* RECORD SET:
=== Begin Enclosure ===

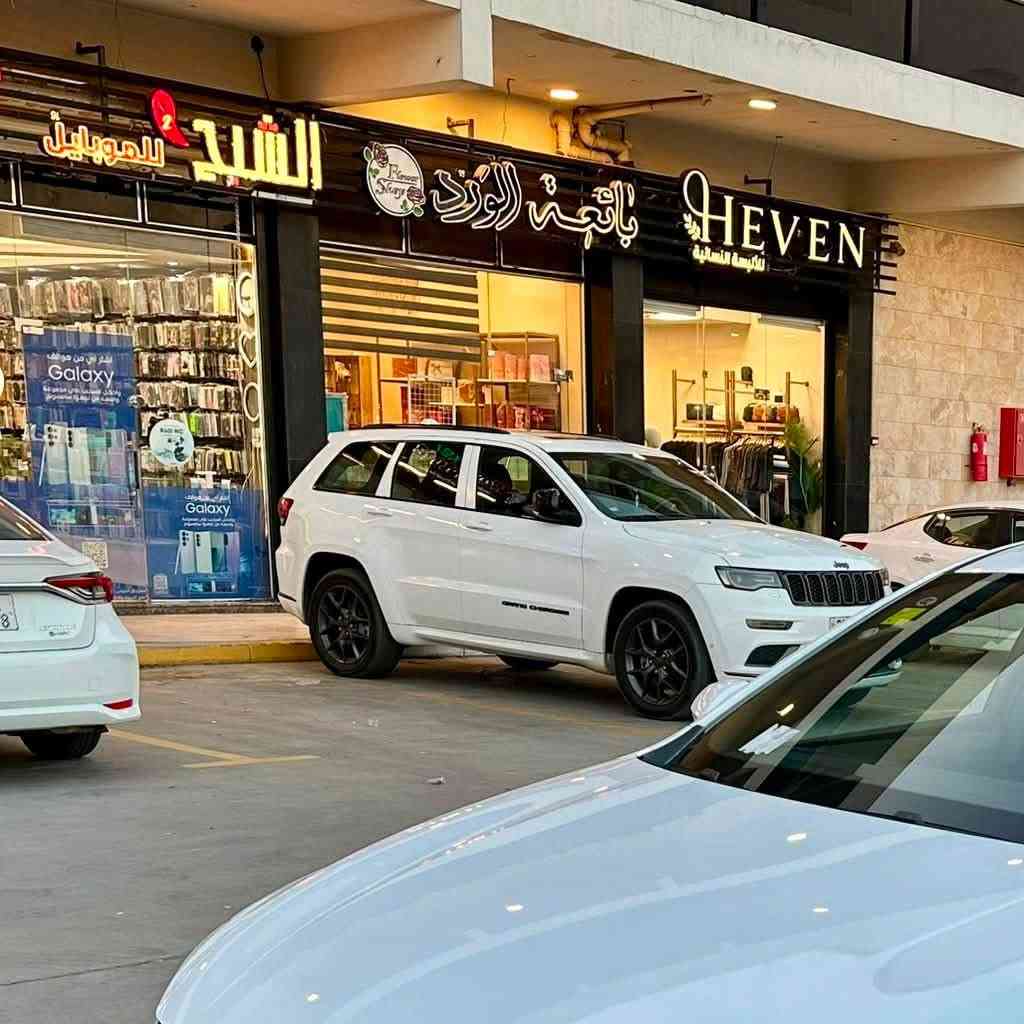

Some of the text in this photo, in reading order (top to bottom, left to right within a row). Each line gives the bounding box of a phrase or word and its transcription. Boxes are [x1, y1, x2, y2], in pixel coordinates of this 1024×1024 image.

[161, 115, 173, 130] 2
[526, 173, 639, 250] بائعة
[683, 170, 866, 269] HEVEN
[48, 364, 114, 388] Galaxy
[184, 501, 231, 518] Galaxy
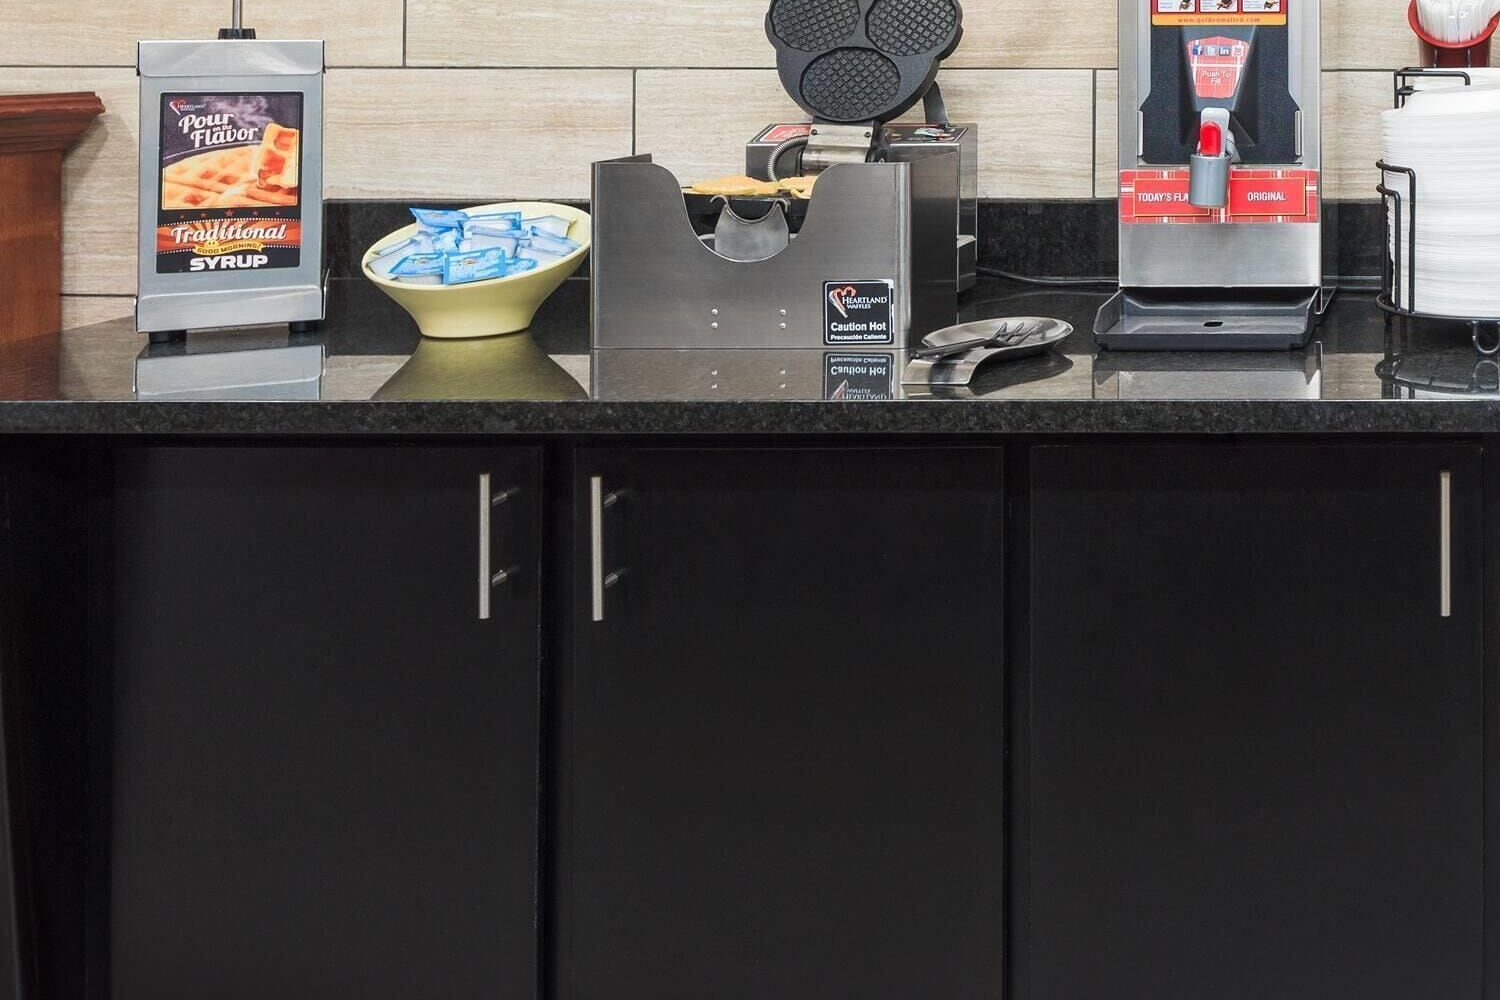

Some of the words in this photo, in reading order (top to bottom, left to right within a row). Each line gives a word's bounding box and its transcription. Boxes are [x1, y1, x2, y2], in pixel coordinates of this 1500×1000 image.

[178, 112, 234, 134] Pour
[191, 126, 258, 148] Flavor
[1137, 192, 1172, 202] TODAY'S
[1174, 192, 1190, 202] FLA
[1247, 192, 1286, 201] ORIGINAL
[170, 223, 287, 244] Traditional
[220, 243, 262, 253] MORNING!
[190, 254, 268, 271] SYRUP
[842, 296, 888, 304] HEARTLAND
[831, 322, 867, 331] Caution
[869, 322, 886, 331] Hot
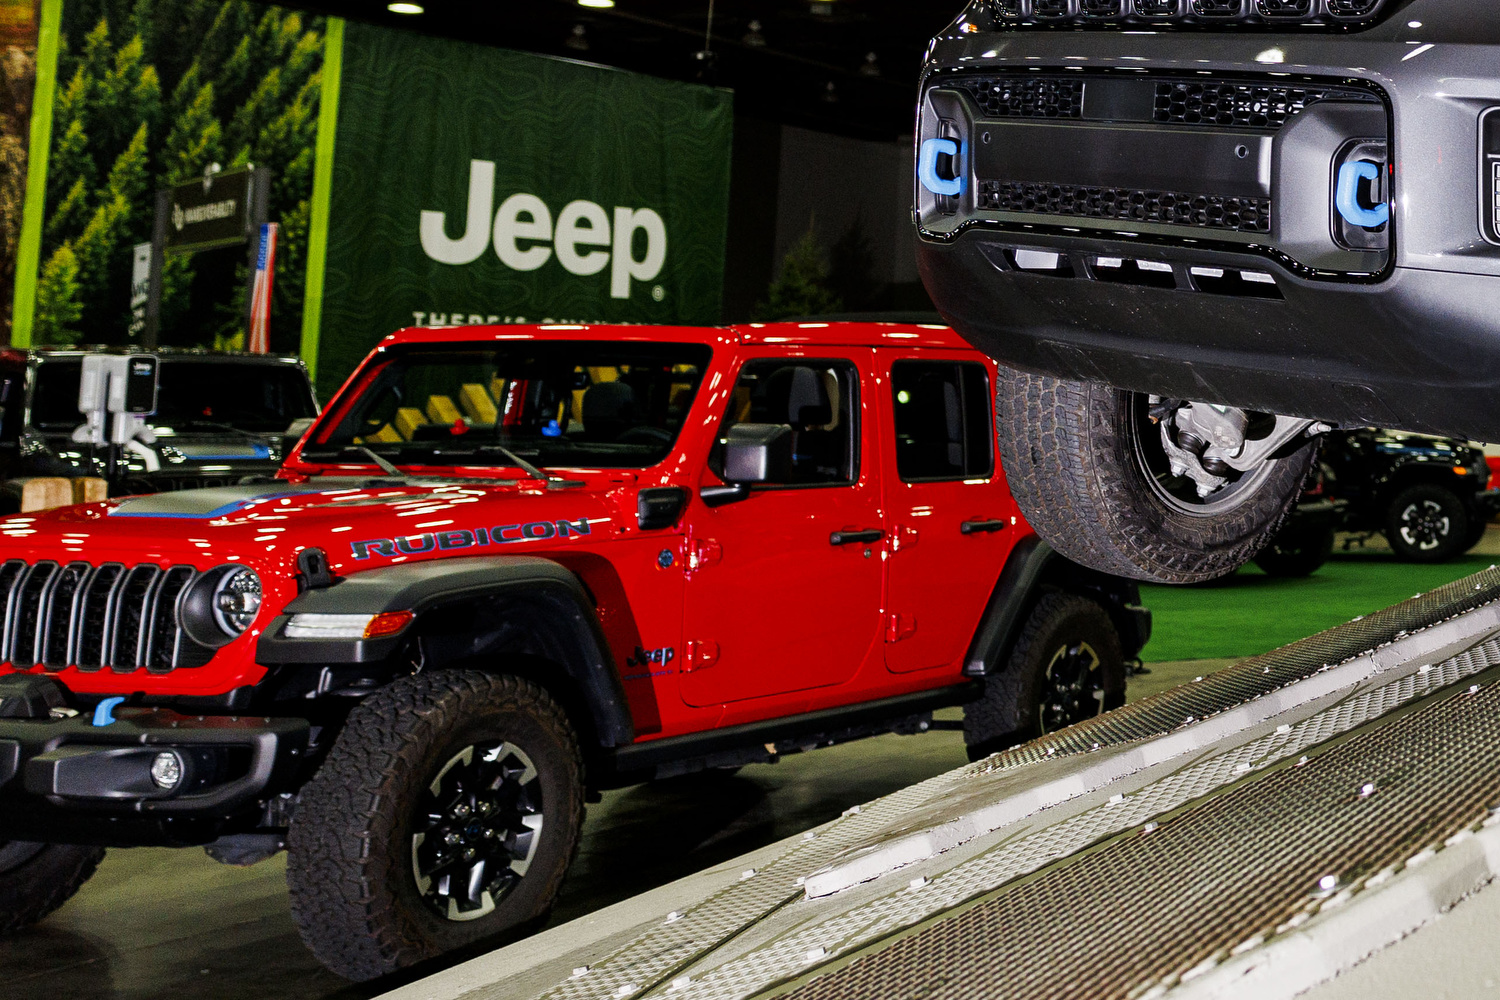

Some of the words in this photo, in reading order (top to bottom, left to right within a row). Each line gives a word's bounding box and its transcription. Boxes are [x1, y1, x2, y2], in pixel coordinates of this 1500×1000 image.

[419, 158, 667, 299] Jeep
[350, 517, 591, 560] RUBICON
[626, 645, 675, 668] Jeep
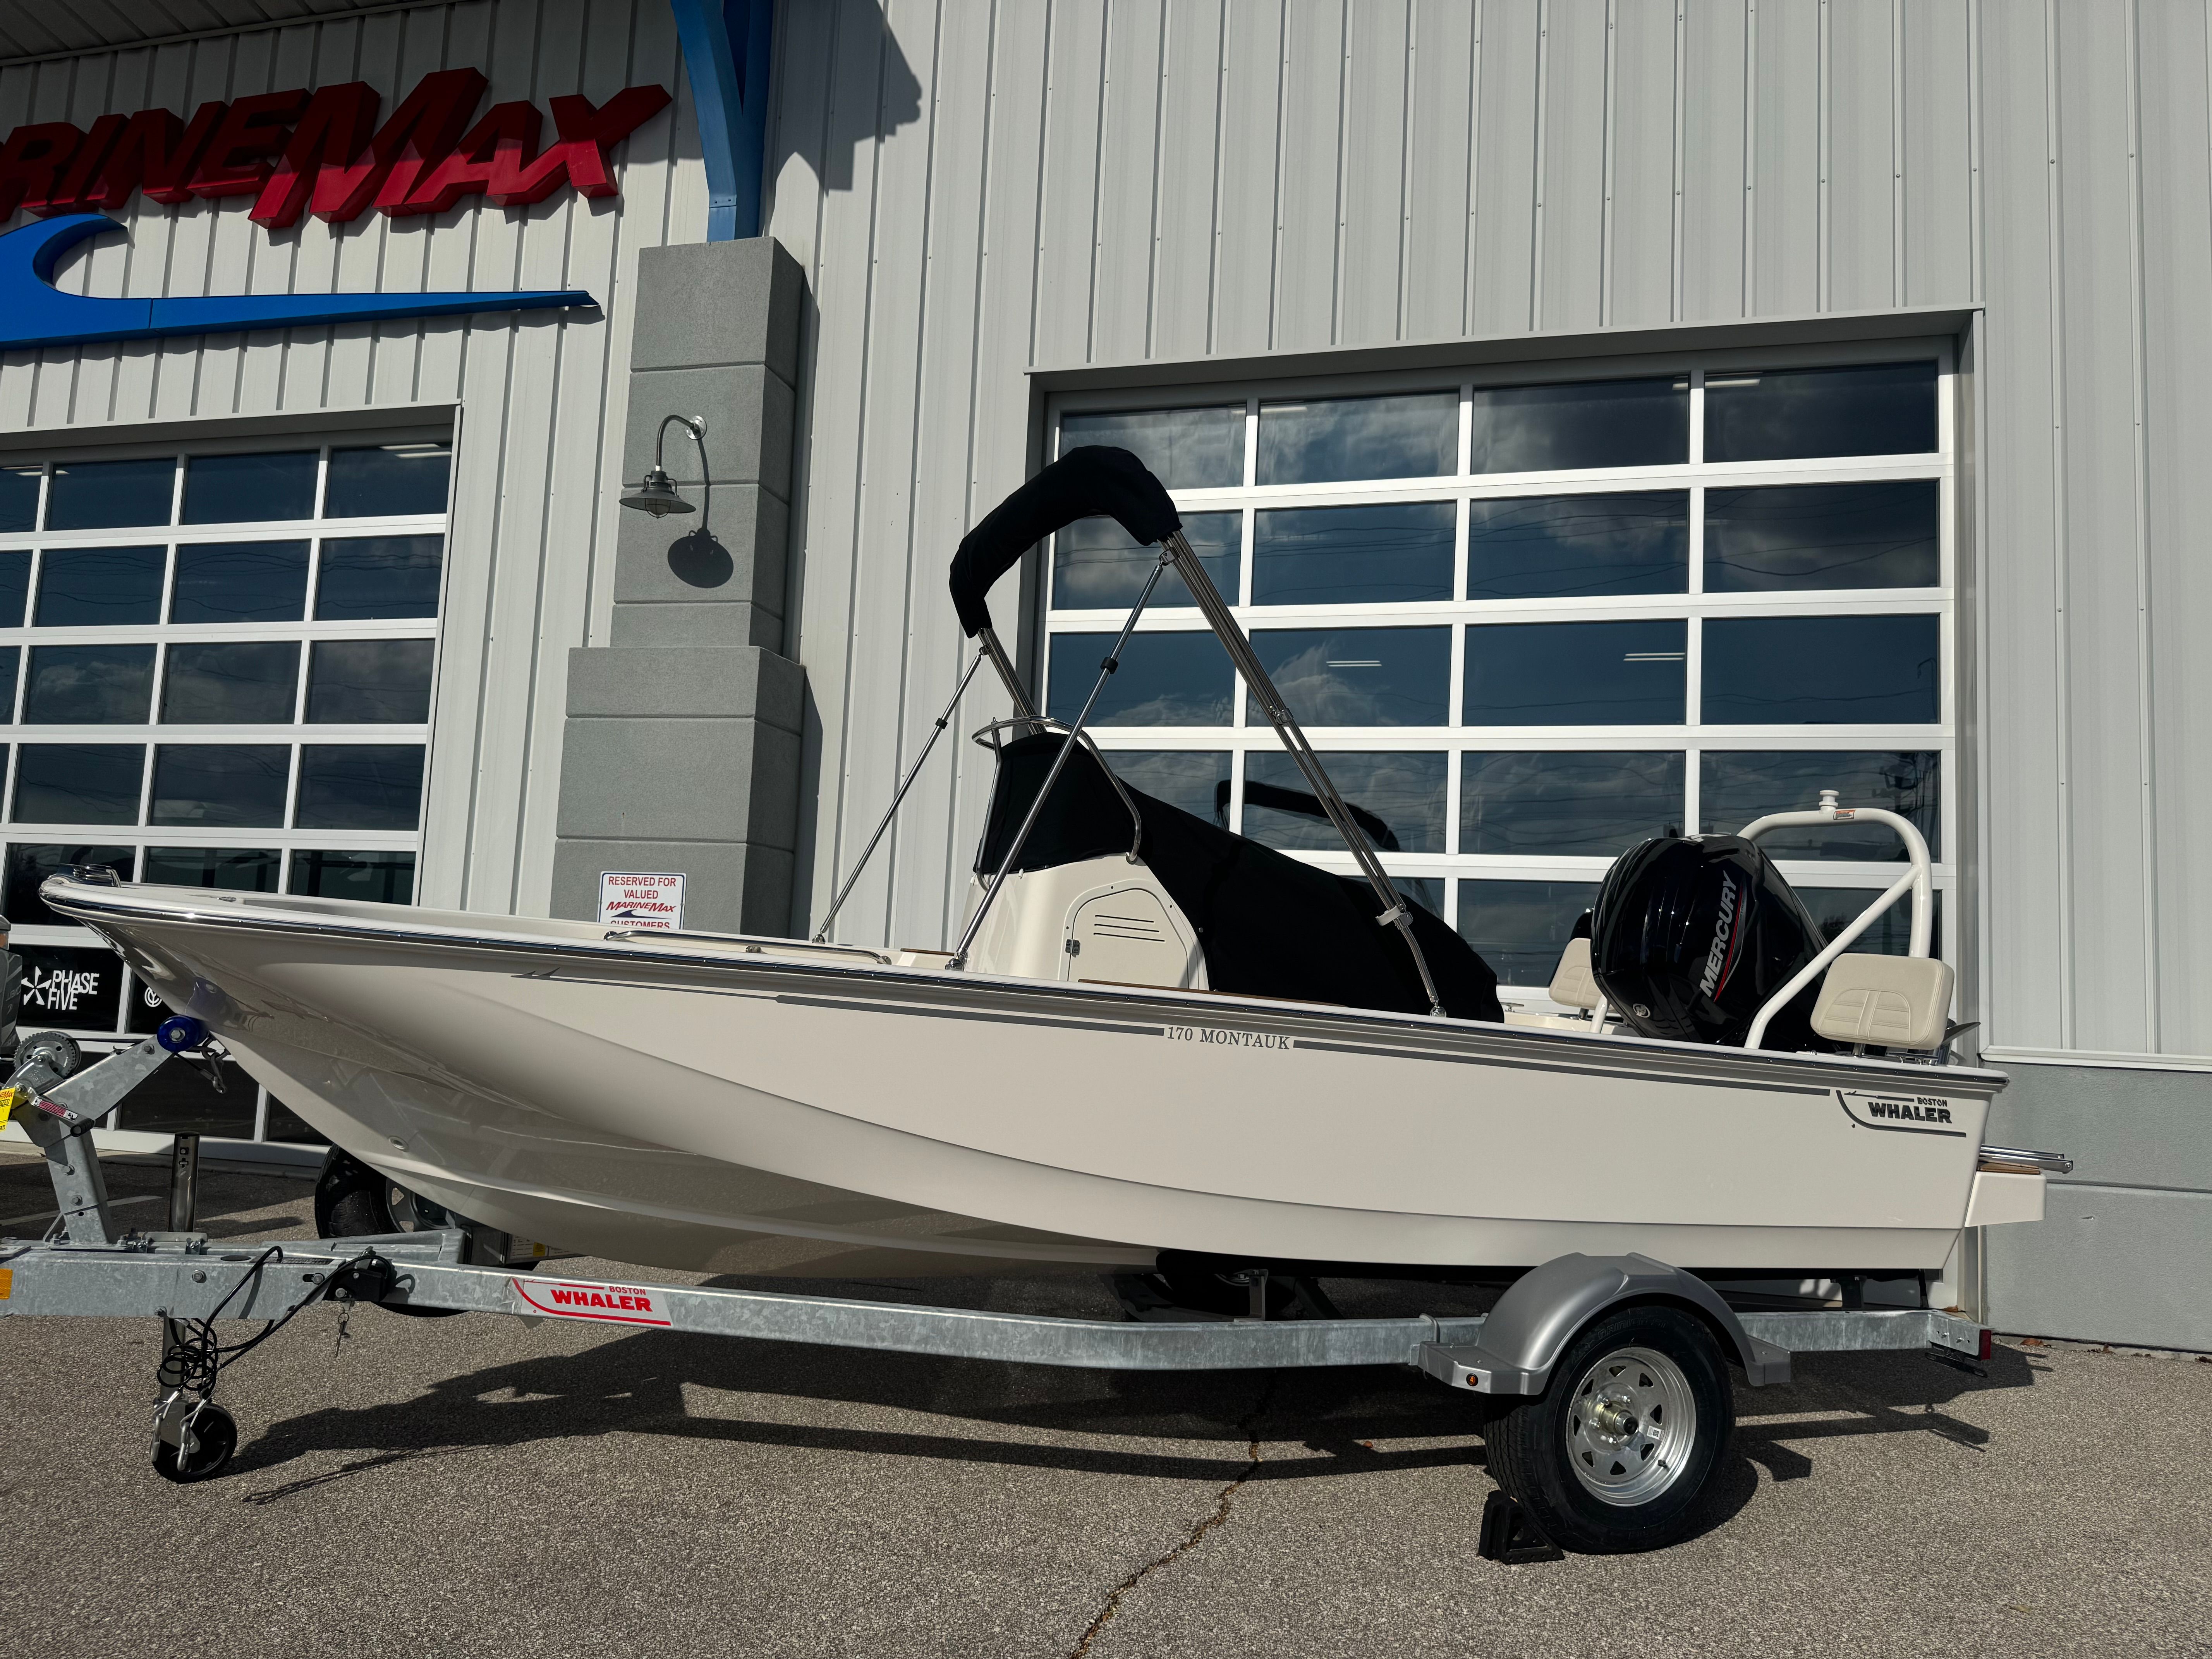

=== End Enclosure ===

* TASK BRIEF: You are asked to output the records precisely as they appear, minus any pictures.

* EXERCISE SOLUTION:
Some of the text in this photo, in reading order (top to bottom, left to right within a row). Each line gives the bounding box of a phrase or word and its transcription. Boxes are [x1, y1, x2, y2], in pixel coordinates of this 1024×1024 image.

[161, 115, 173, 130] 2
[526, 173, 639, 250] بائعة
[683, 170, 866, 269] HEVEN
[48, 364, 114, 388] Galaxy
[184, 501, 231, 518] Galaxy

Some of the words in this photo, in reading order (top to bottom, left to right within a row). Each line gives a word's bounding box and its transcription. Boxes are [x1, y1, x2, y2], in pixel coordinates of this 1500×1000 image.

[178, 112, 234, 134] Pour
[191, 126, 258, 148] Flavor
[1137, 192, 1172, 202] TODAY'S
[1174, 192, 1190, 202] FLA
[1247, 192, 1286, 201] ORIGINAL
[170, 223, 287, 244] Traditional
[220, 243, 262, 253] MORNING!
[190, 254, 268, 271] SYRUP
[842, 296, 888, 304] HEARTLAND
[831, 322, 867, 331] Caution
[869, 322, 886, 331] Hot

Some of the words in this photo, in reading order (top to bottom, left to right within a row). Each line gives a word's bounding box and its transcription. Boxes are [x1, y1, x2, y2], in pixel coordinates of this 1500×1000 image.

[419, 158, 667, 299] Jeep
[350, 517, 591, 560] RUBICON
[626, 645, 675, 668] Jeep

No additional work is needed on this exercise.